- _TASK TO CARRY OUT_: The listing below must be copied exactly and in full.

▬▬▬

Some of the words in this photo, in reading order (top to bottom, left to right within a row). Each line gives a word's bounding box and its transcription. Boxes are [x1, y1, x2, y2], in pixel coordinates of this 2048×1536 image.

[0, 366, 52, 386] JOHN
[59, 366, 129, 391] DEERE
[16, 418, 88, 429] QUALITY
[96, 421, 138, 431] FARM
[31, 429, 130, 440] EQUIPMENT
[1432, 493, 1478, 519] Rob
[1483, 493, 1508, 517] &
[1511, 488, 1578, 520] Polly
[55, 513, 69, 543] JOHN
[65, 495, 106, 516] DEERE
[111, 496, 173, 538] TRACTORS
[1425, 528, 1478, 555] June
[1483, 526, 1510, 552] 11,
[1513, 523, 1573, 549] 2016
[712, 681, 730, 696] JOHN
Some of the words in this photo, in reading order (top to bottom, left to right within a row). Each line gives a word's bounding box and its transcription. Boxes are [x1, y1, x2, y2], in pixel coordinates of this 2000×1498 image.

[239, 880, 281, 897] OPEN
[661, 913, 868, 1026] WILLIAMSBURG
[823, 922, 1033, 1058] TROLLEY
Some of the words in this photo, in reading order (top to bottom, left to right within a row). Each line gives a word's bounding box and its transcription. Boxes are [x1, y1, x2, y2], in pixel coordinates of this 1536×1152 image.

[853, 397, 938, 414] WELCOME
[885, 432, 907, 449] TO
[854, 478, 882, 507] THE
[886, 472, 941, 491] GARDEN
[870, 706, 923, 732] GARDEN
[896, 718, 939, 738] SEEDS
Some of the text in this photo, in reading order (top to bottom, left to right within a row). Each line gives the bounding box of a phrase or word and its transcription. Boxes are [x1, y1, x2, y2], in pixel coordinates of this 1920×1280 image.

▬▬▬

- _RESULT BELOW_:
Some of the words in this photo, in reading order (top to bottom, left to right within a row). Each line gives a word's bounding box and its transcription. Boxes are [x1, y1, x2, y2], in pixel coordinates of this 2048×1536 image.

[0, 366, 52, 386] JOHN
[59, 366, 129, 391] DEERE
[16, 418, 88, 429] QUALITY
[96, 421, 138, 431] FARM
[31, 429, 130, 440] EQUIPMENT
[1432, 493, 1478, 519] Rob
[1483, 493, 1508, 517] &
[1511, 488, 1578, 520] Polly
[55, 513, 69, 543] JOHN
[65, 495, 106, 516] DEERE
[111, 496, 173, 538] TRACTORS
[1425, 528, 1478, 555] June
[1483, 526, 1510, 552] 11,
[1513, 523, 1573, 549] 2016
[712, 681, 730, 696] JOHN
Some of the words in this photo, in reading order (top to bottom, left to right within a row). Each line gives a word's bounding box and its transcription. Boxes are [x1, y1, x2, y2], in pixel coordinates of this 2000×1498 image.

[239, 880, 281, 897] OPEN
[661, 913, 868, 1026] WILLIAMSBURG
[823, 922, 1033, 1058] TROLLEY
Some of the words in this photo, in reading order (top to bottom, left to right within a row). Each line gives a word's bounding box and its transcription. Boxes are [x1, y1, x2, y2], in pixel coordinates of this 1536×1152 image.

[853, 397, 938, 414] WELCOME
[885, 432, 907, 449] TO
[854, 478, 882, 507] THE
[886, 472, 941, 491] GARDEN
[870, 706, 923, 732] GARDEN
[896, 718, 939, 738] SEEDS
Some of the text in this photo, in reading order (top to bottom, left to right within a row). Each line gives the bounding box of a phrase or word and its transcription. Boxes are [x1, y1, x2, y2], in pixel coordinates of this 1920×1280 image.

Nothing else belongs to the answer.